- **What is required**:
Only the text of the entries below should appear in your exact transcription; leave out every picture.

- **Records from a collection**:
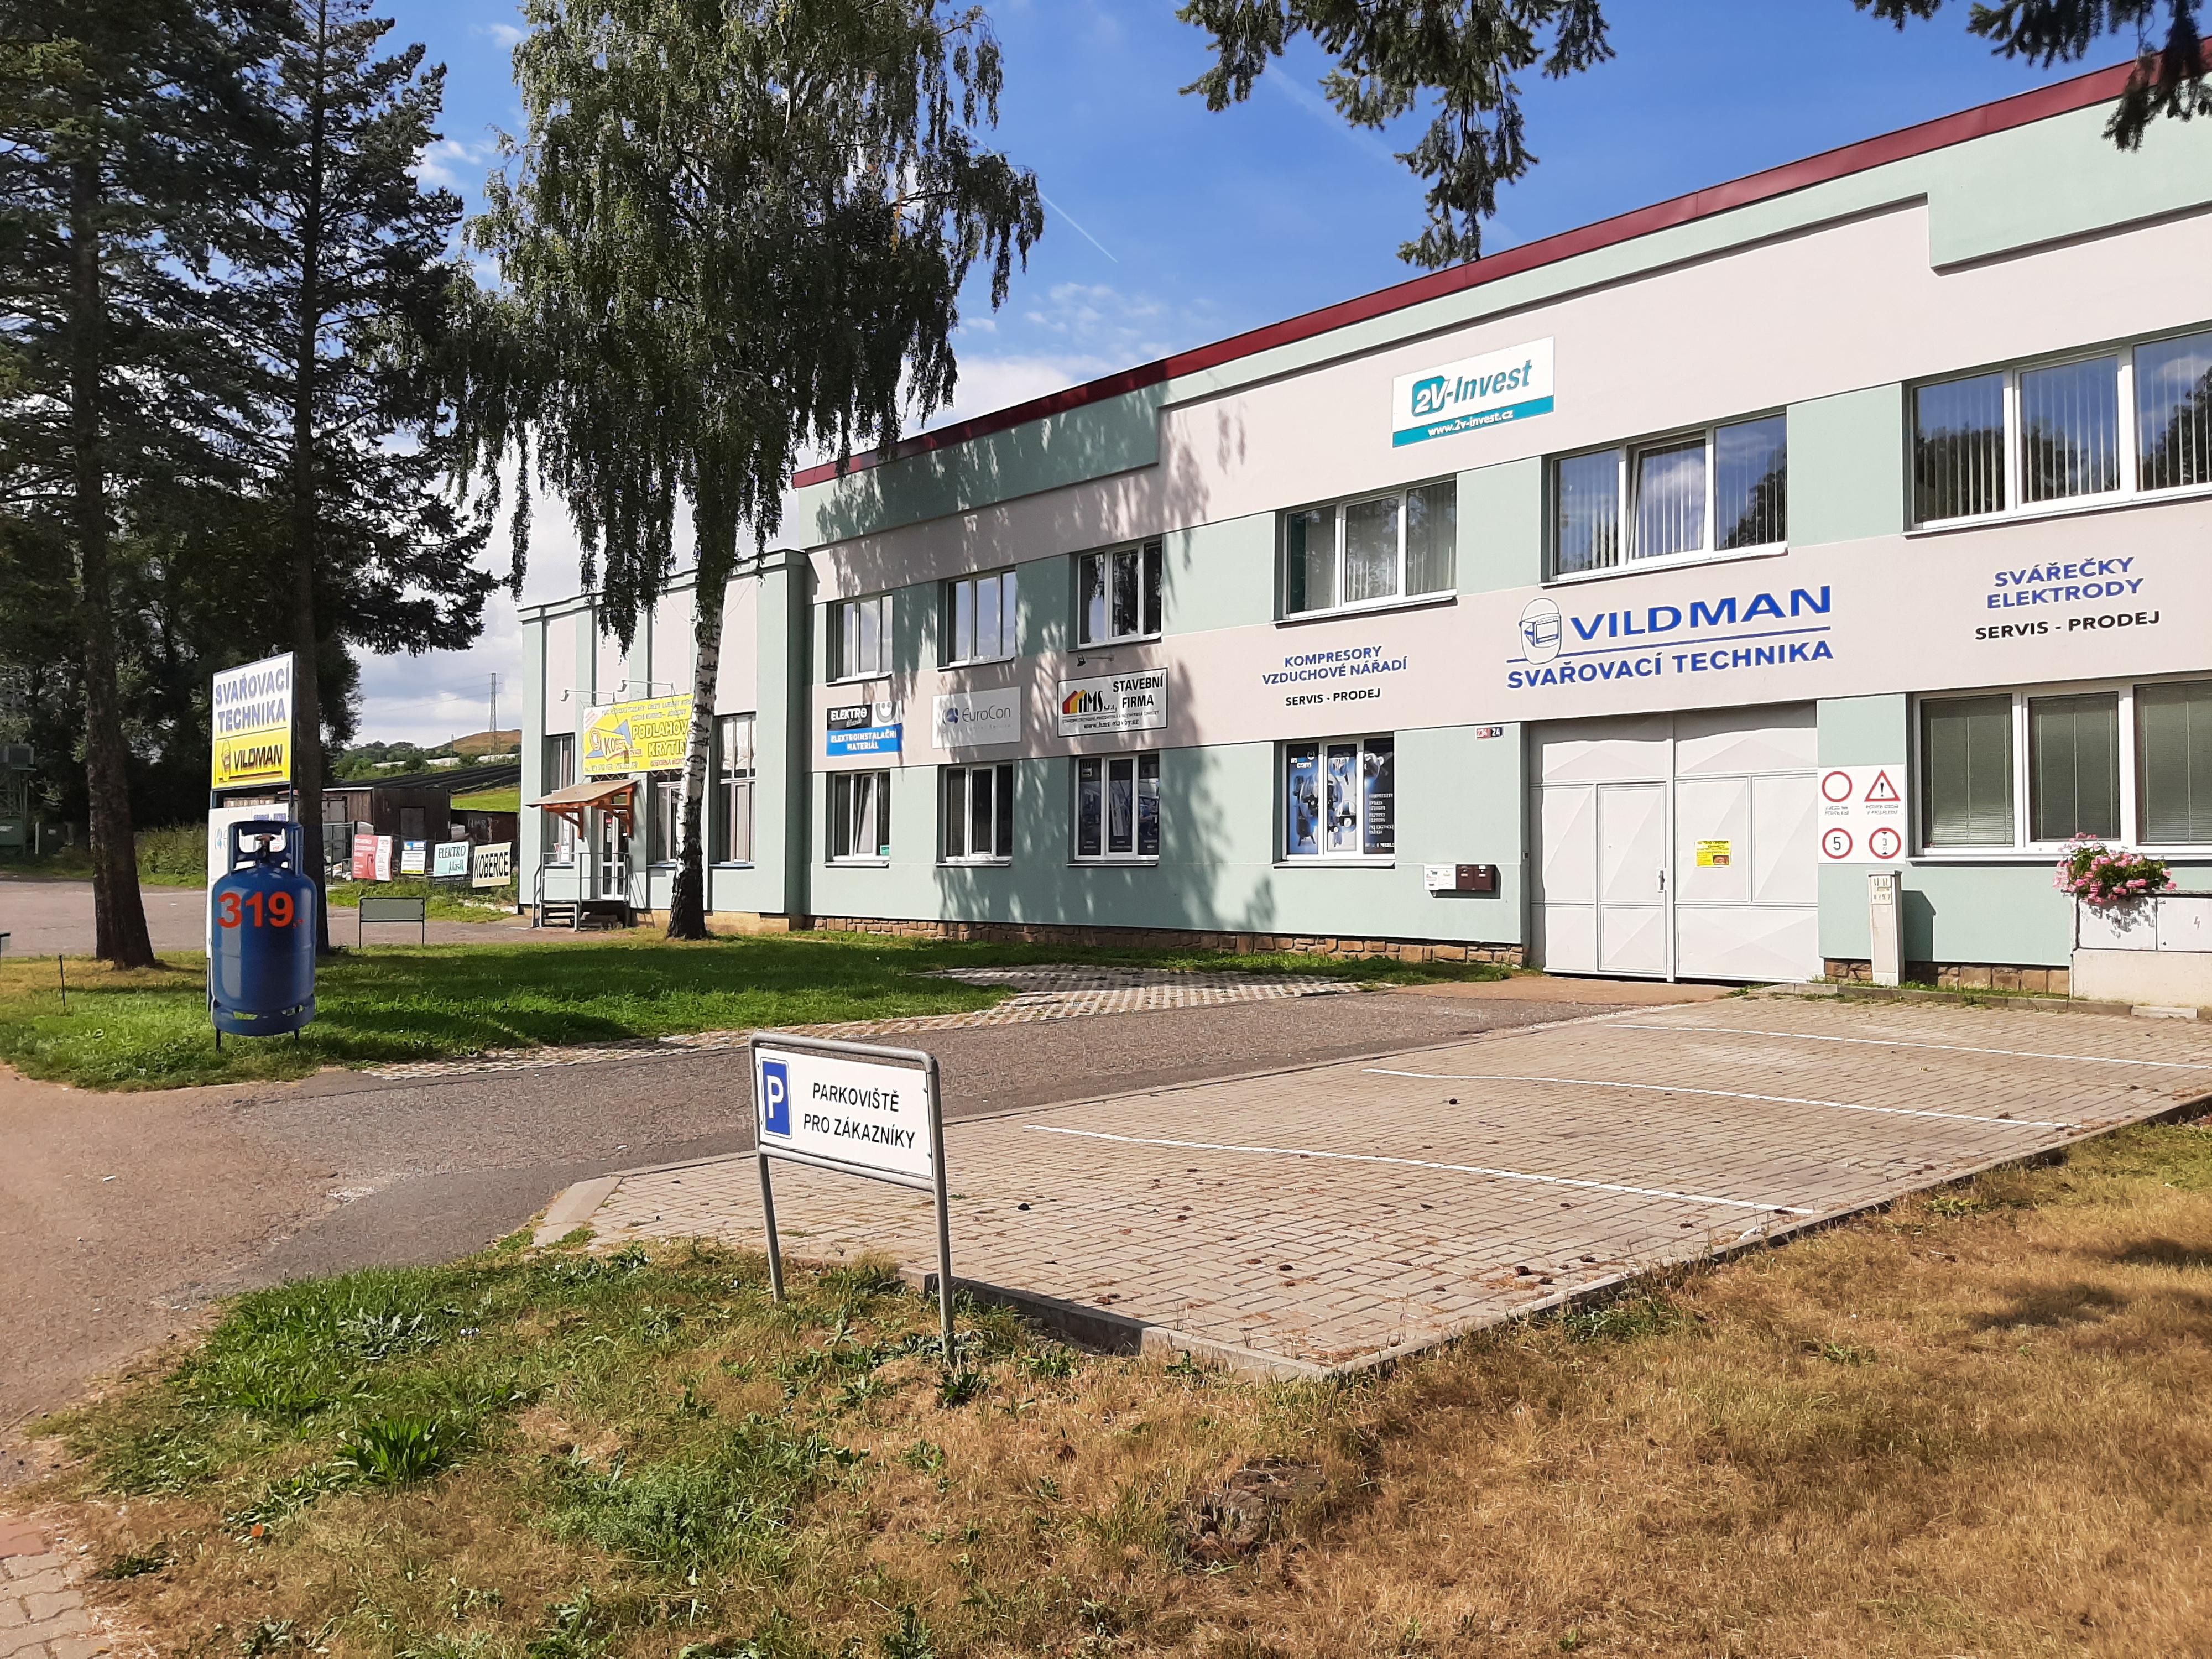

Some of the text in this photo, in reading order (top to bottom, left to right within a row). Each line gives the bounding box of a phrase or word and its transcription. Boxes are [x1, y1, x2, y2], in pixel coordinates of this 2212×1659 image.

[1413, 359, 1532, 414] 2V-Invest
[1427, 409, 1514, 436] www.2v-invest.cz
[1994, 556, 2135, 587] SVÁŘEČKY
[1987, 578, 2144, 609] ELEKTRODY
[1570, 585, 1831, 640] VILDMAN
[1974, 621, 2049, 640] SERVIS
[2068, 611, 2160, 632] PRODEJ
[1262, 656, 1407, 684] VZDUCHOVÉ NÁŘADÍ
[1285, 646, 1381, 667] KOMPRESORY
[1506, 640, 1833, 690] SVAŘOVACÍ TECHNIKA
[215, 661, 289, 706] SVAŘOVACÍ
[1113, 673, 1164, 692] STAVEBNÍ
[1122, 695, 1154, 708] FIRMA
[1286, 694, 1323, 706] SERVIS
[1333, 688, 1380, 701] PRODEJ
[218, 698, 286, 733] TECHNIKA
[831, 708, 868, 721] ELEKTRO
[962, 705, 1011, 722] EuroCon
[632, 719, 690, 740] PODLAHOV
[831, 729, 896, 743] ELEKTROINSTALAČNÍ
[233, 743, 283, 773] VILDMAN
[648, 740, 687, 757] KRYTIN
[847, 741, 879, 751] MATERIÁL
[439, 845, 466, 859] ELEKTRO
[1833, 836, 1841, 851] 5
[474, 852, 509, 879] KOBERCE
[766, 1074, 784, 1119] P
[813, 1082, 899, 1112] PARKOVIŠTĚ
[804, 1113, 916, 1149] PRO ZÁKAZNÍKY
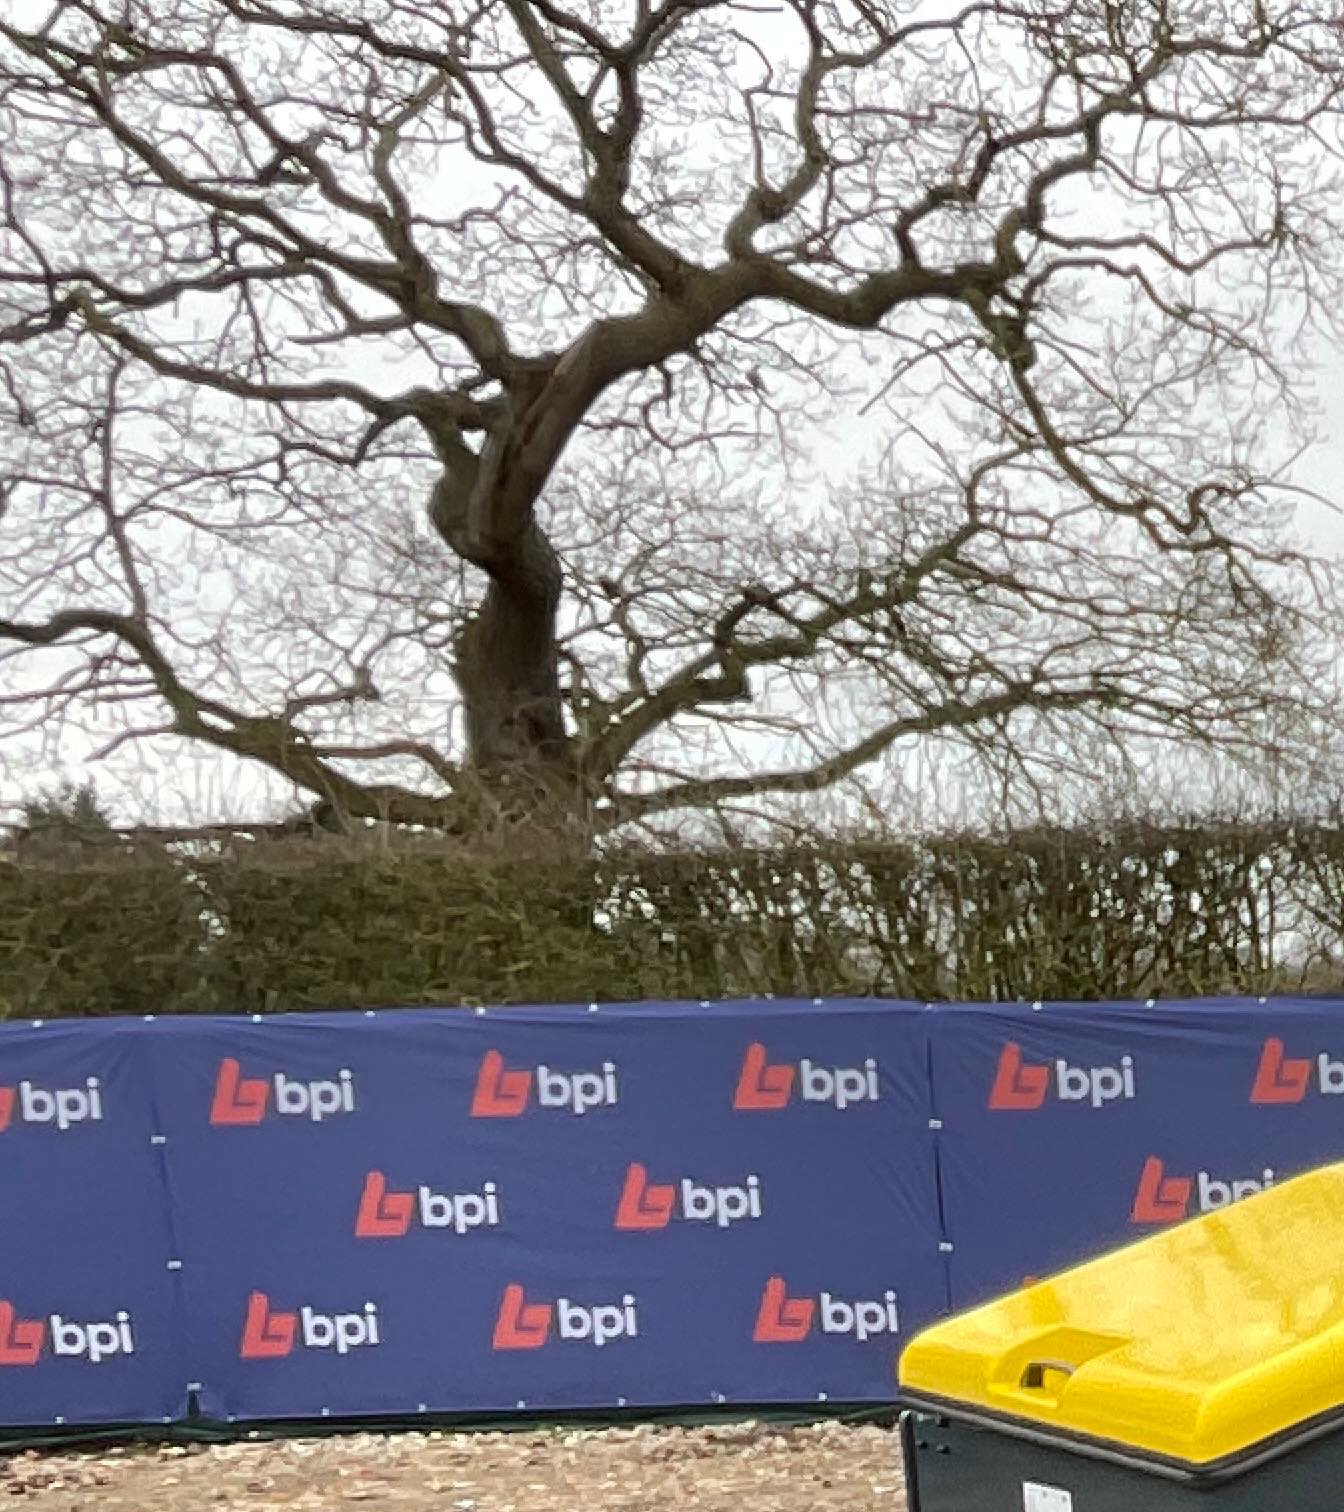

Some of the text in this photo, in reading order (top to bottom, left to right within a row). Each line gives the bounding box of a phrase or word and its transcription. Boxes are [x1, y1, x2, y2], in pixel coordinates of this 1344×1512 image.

- **Task output**:
Some of the text in this photo, in reading order (top to bottom, left to right within a row). Each line gives the bounding box of a phrase or word and its transcription. Boxes are [x1, y1, x2, y2], in pixel coordinates of this 2212×1659 image.

[1413, 359, 1532, 414] 2V-Invest
[1427, 409, 1514, 436] www.2v-invest.cz
[1994, 556, 2135, 587] SVÁŘEČKY
[1987, 578, 2144, 609] ELEKTRODY
[1570, 585, 1831, 640] VILDMAN
[1974, 621, 2049, 640] SERVIS
[2068, 611, 2160, 632] PRODEJ
[1262, 656, 1407, 684] VZDUCHOVÉ NÁŘADÍ
[1285, 646, 1381, 667] KOMPRESORY
[1506, 640, 1833, 690] SVAŘOVACÍ TECHNIKA
[215, 661, 289, 706] SVAŘOVACÍ
[1113, 673, 1164, 692] STAVEBNÍ
[1122, 695, 1154, 708] FIRMA
[1286, 694, 1323, 706] SERVIS
[1333, 688, 1380, 701] PRODEJ
[218, 698, 286, 733] TECHNIKA
[831, 708, 868, 721] ELEKTRO
[962, 705, 1011, 722] EuroCon
[632, 719, 690, 740] PODLAHOV
[831, 729, 896, 743] ELEKTROINSTALAČNÍ
[233, 743, 283, 773] VILDMAN
[648, 740, 687, 757] KRYTIN
[847, 741, 879, 751] MATERIÁL
[439, 845, 466, 859] ELEKTRO
[1833, 836, 1841, 851] 5
[474, 852, 509, 879] KOBERCE
[766, 1074, 784, 1119] P
[813, 1082, 899, 1112] PARKOVIŠTĚ
[804, 1113, 916, 1149] PRO ZÁKAZNÍKY

Some of the text in this photo, in reading order (top to bottom, left to right within a row). Each line gives the bounding box of a phrase or word and its transcription. Boxes are [x1, y1, x2, y2], in pixel coordinates of this 1344×1512 image.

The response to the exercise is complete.